Small Satellite’s Role in Future Hyperspectral Earth Observation Missions

Paper number

IAC-06-B5.4.07

Author

Prof. Moshe Guelman, Technion, I.I.T., Israel

Year

2006

Abstract

Along with various advanced satellite onboard sensors, an important place in the near future will belong to hyperspectral instruments, considered worldwide as suitable for different scientific, commercial and military missions. As was demonstrated over the last decade, hyperspectral Earth observations can be provided by small satellites at considerably lower costs and shorter timescales, even though with some limitations on resolution, spectral response, and data rate. 

The design of remote sensors on small satellites operating under strong constraints as regards the available satellite resources should be optimized with respect to satellite’s size and mass, power consumption, data rate, as well as the mission cost. In this work the requirements on small satellites with imaging hyperspectral sensors are studied. Physical and technological limitations of hyperspectral imagers are considered. A mathematical model of a small satellite with a hyperspectral imaging spectrometer system is developed. The data-transmitting rate of the “hyperspectral cube” and the required electric power are examined as the principal satellite size-limiting factors. Diffraction and radiometric aspects of the spectral image quality are taken into account. The ability of the small satellites to obtain hyperspectral images of specified resolution and quality is examined, as well as its impact on the satellites mass and size. Interconnectivity between small satellites main parameters and the basic characteristics of the hyperspectral instruments is ascertained. 

An overview of small hyperspectral imagers in the visible and short wave infrared wavelengths region is given based on the approximated model. Comparison of data from designed and planned instruments with the model results corroborates the presented model validity to assess small satellites limitations. The feasibility analysis also reveals the constraints on the main technical characteristics of hyperspectral instruments.

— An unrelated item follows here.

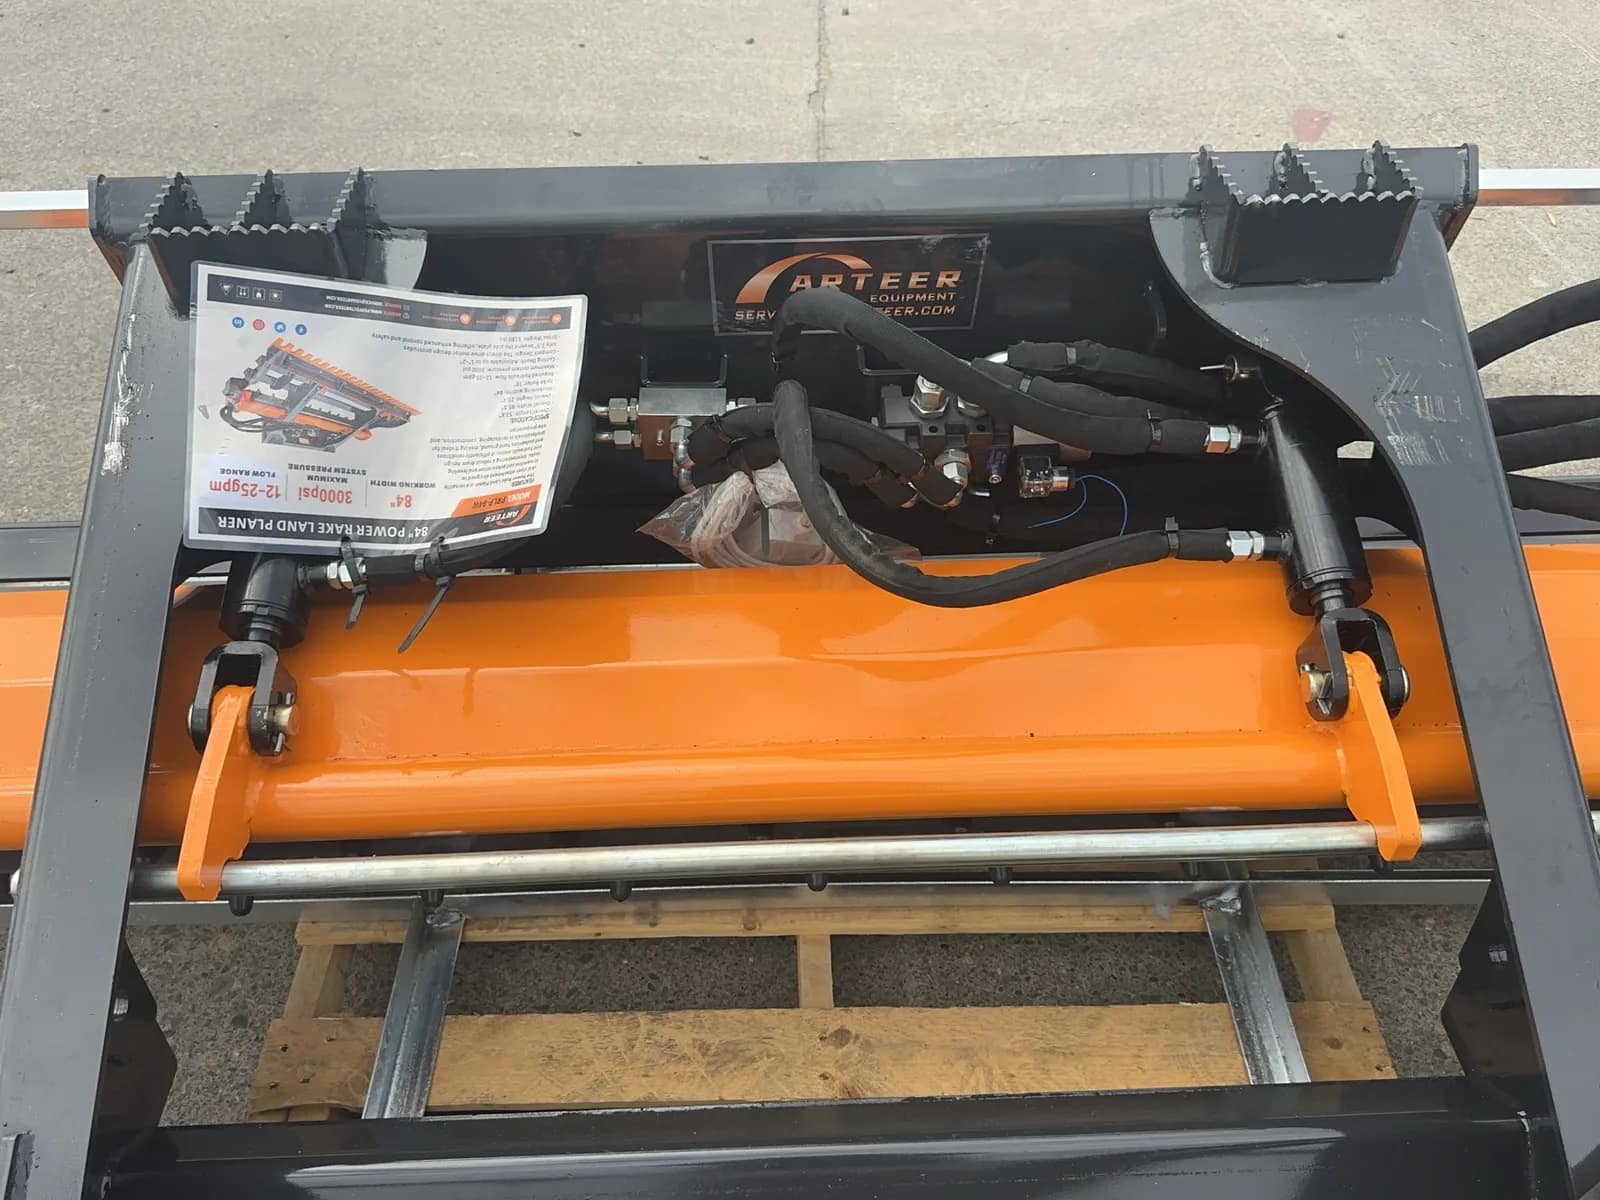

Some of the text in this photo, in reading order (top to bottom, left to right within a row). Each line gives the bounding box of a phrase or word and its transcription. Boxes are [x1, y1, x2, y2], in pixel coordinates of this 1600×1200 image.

An approximate division of hyperspectral imagers on LEO observation satellites in different subclasses (large, mini- and micro-) depending on instruments performance (ground resolution and number of spectral bands) is presented. It is shown that (a) microsatellites fit well to place a hyperspectral imager, only in the visible region with large limitations on resolution; (b) a majority of hyperspectral tasks can be realized with minisatellites of masses between 100 to 500kg based on conventional state-of-the-art technology; (c) when spatial, spectral, and radiation resolution together became higher, the mass of the satellite could exceed the minisatellite’s upper limit, and hyperspectral observation would be feasible only from large satellites. 

Abstract document

IAC-06-B5.4.07.pdf

Manuscript document

IAC-06-B5.4.07.pdf (🔒 authorized access only).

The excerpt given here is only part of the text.